Qui connaît Hubertine Auclert ? Une place – modeste, il est vrai – porte son nom dans le 11e arrondissement, à l’angle de le rue Camille-Desmoulins et de la Cité industrielle, non loin de la mairie, non loin aussi de l’endroit où elle vécut, au 151 rue de la Roquette.

Hubertine Auclert, comme tant d’autres à l’époque, est une provinciale « montée » à Paris. Elle est née le 10 avril 1848, dans une famille de notables ruraux de l’Allier. Son père, fervent républicain, devient maire du village à la faveur de la révolution de 1848 ; il sera révoqué trois ans plus tard par Louis-Napoléon Bonaparte. Placée dans une institution religieuse à l’âge de neuf ans, la jeune Hubertine envisage d’abord d’entrer dans les ordres, mais elle sera refusée à deux reprises car jugée trop indépendante. Il lui en restera un vif ressentiment anticlérical.

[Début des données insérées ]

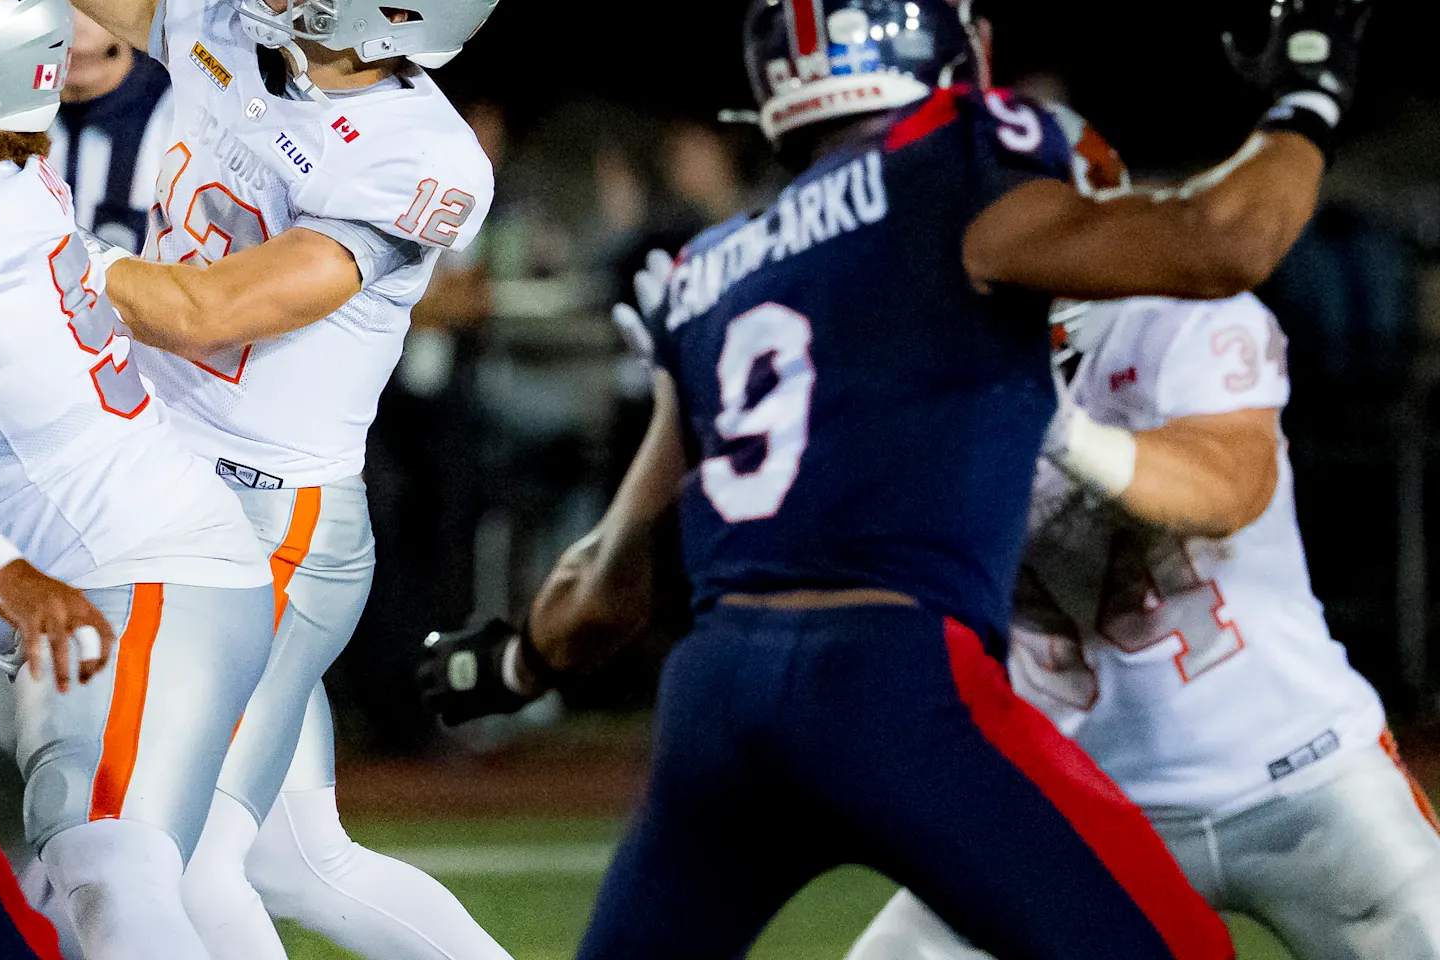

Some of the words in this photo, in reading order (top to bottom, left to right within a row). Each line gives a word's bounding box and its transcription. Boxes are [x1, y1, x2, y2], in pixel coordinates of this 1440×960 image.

[193, 44, 231, 82] LEAVITT
[248, 102, 263, 118] CFL
[275, 132, 313, 175] TELUS
[394, 177, 477, 247] 12
[700, 300, 818, 524] 9
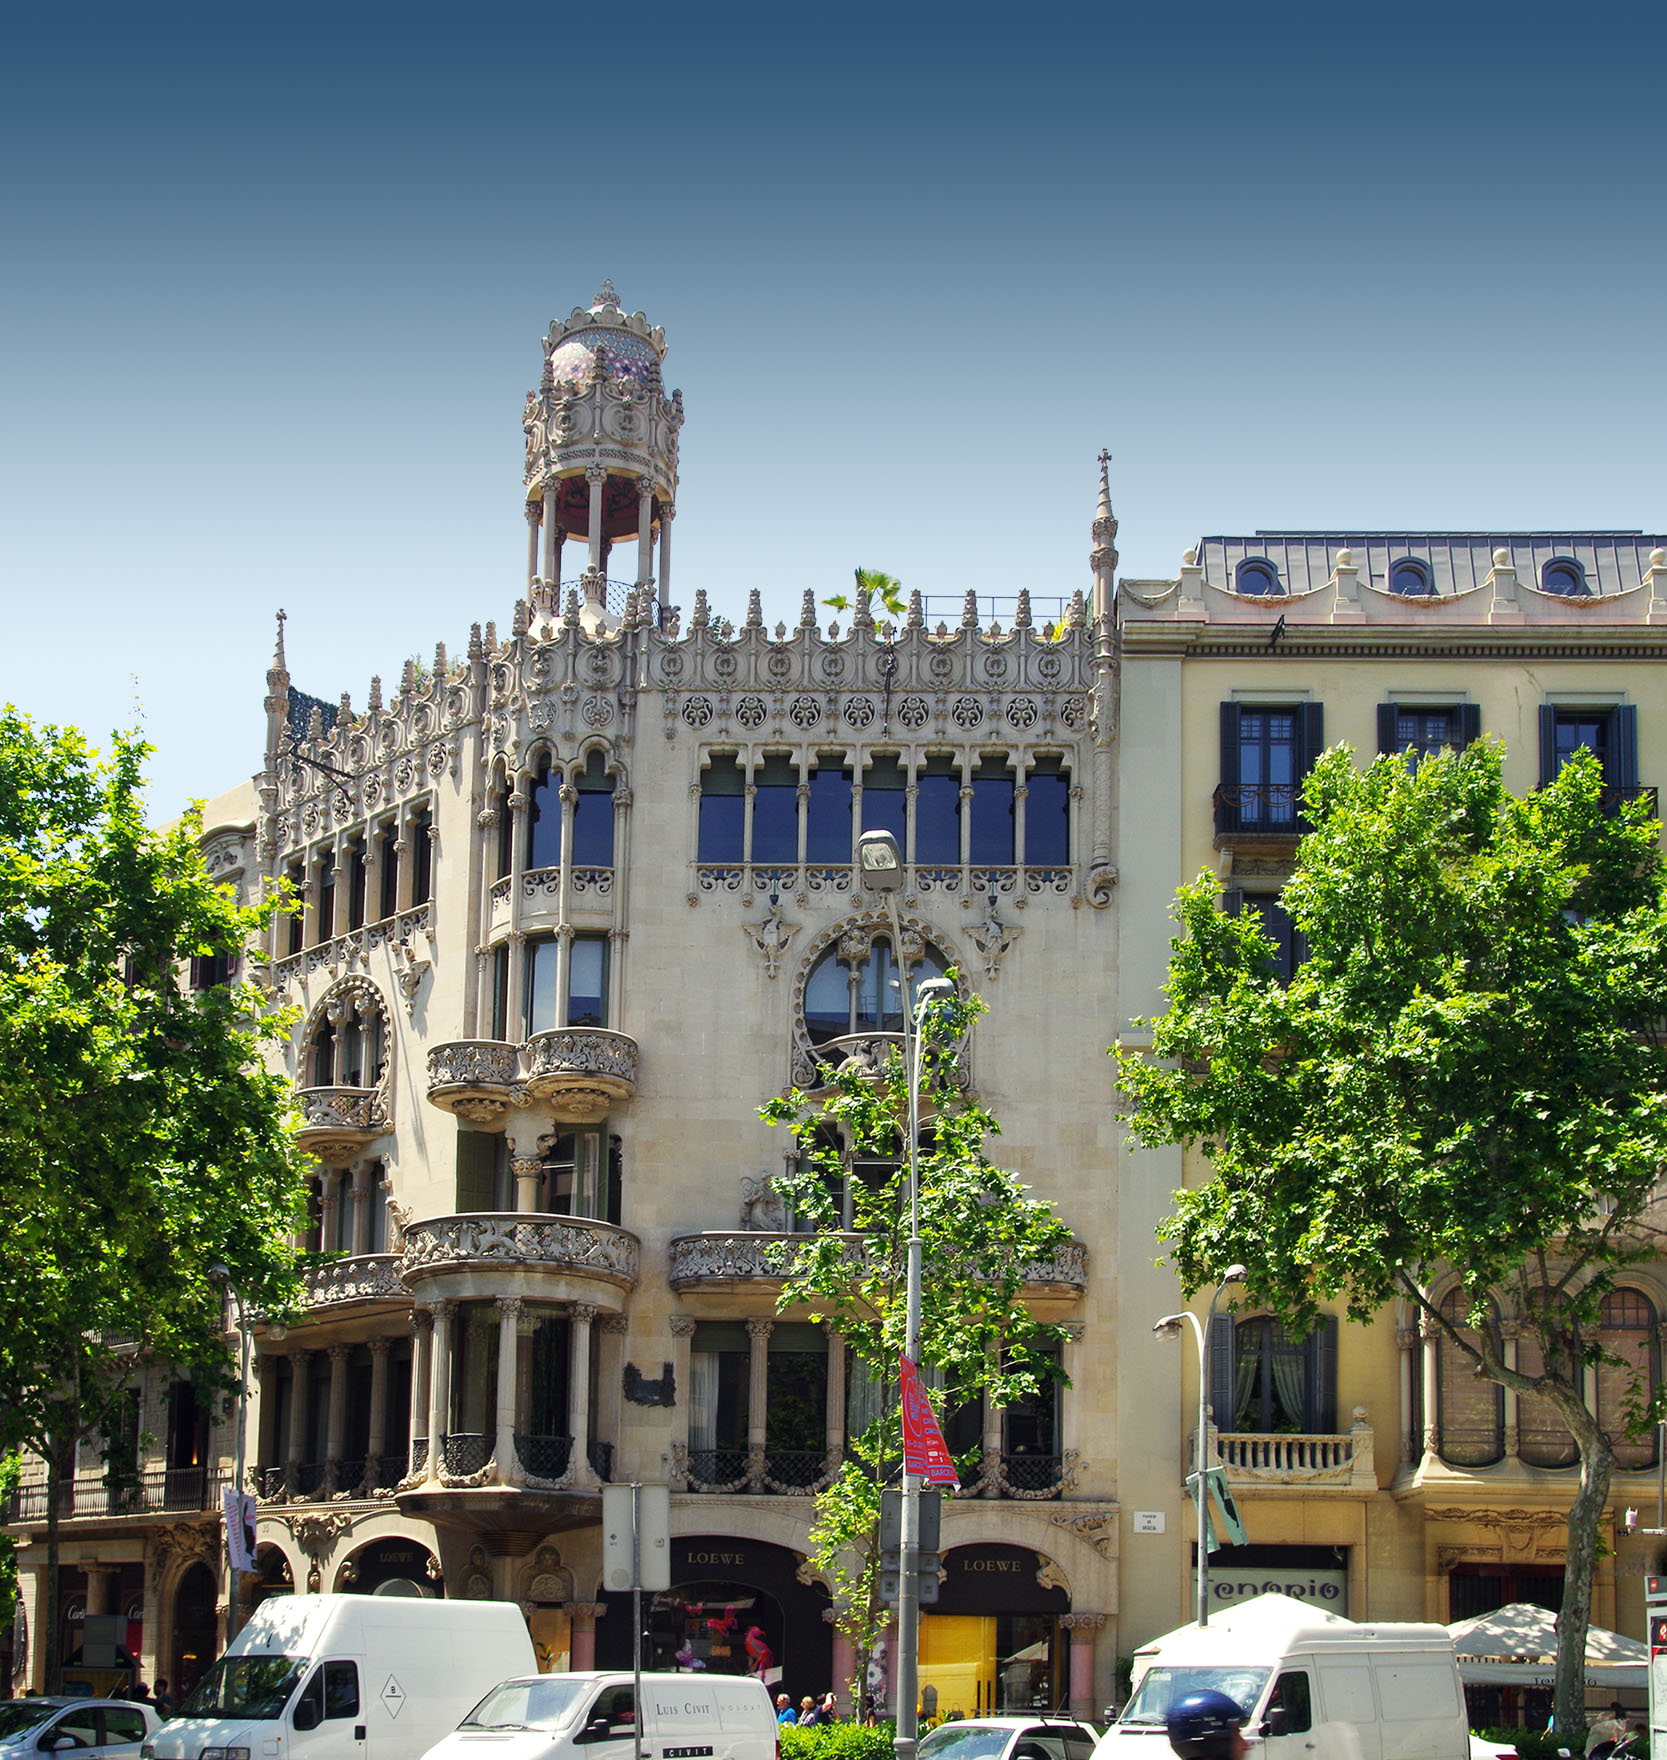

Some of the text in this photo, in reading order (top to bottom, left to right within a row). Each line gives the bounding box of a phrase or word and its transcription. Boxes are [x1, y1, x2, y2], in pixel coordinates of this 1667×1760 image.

[379, 1552, 414, 1563] LOEWE
[688, 1552, 745, 1565] LOEWE
[963, 1560, 1022, 1572] LOEWE
[668, 1747, 708, 1757] CIVIT

Farouche républicaine comme son père, elle se mobilise pour les droits des femmes et gagne Paris en 1873, au moment où la République naissante ouvre des perspectives à l’émancipation des femmes. Elle rejoint l’Association pour le Droit des femmes, qui deviendra en 1882 la Ligue française pour le Droit des femmes, et dont le président est Victor Hugo. Car c’est par la lecture de Hugo qu’elle est venue au féminisme.

Dès lors, Hubertine Auclert devient une militante, et même une activiste, du droit des femmes. Elle n’hésite pas à se revendiquer « féministe », à une époque où ce terme apparu, semble-t-il, sous la plume d’Alexandre Dumas, a encore une connotation péjorative. Au sein du mouvement féministe, des divergences existent entre celles qui s’en tiennent aux droits civils des femmes et celles, dont Hubertine, qui exigent des droits politiques : selon elle, il est nécessaire que les femmes participent à l’élaboration et au vote de la loi pour remettre en cause l’inégalité sociale entre les sexes. Mais cette position est alors minoritaire au sein du mouvement féministe.

En 1876, elle fonde sa propre association, Le Droit des femmes, qui veut pour les femmes le droit de voter et d’être élues. « Femmes de France, nous aussi nous avons des droits à revendiquer : il est temps de sortir de l’indifférence et de l’inertie pour réclamer contre les préjugés et les lois qui nous humilient. Unissons nos efforts, associons-nous ; l’exemple des prolétaires nous sollicite ; sachons nous émanciper comme eux ! » Elle s’inscrit alors dans la mouvance socialiste, qui renaît après l’écrasement de la Commune. Elle participe en 1879 au congrès ouvrier de Marseille qui réunit pour la première fois toutes les organisations – partis, syndicats, sociétés de secours mutuel, coopératives, etc. – liées au mouvement ouvrier et socialiste. Elle y représente Le Droit des femmes et Les Travailleurs de Belleville, une coopérative ouvrière. Ses interventions à la tribune du congrès en faveur de l’égalité totale des deux sexes – « Une République qui maintiendra les femmes dans une condition d’infériorité ne pourra pas faire les hommes égaux » – sont abondamment relayées par la presse et lui donnent de la notoriété.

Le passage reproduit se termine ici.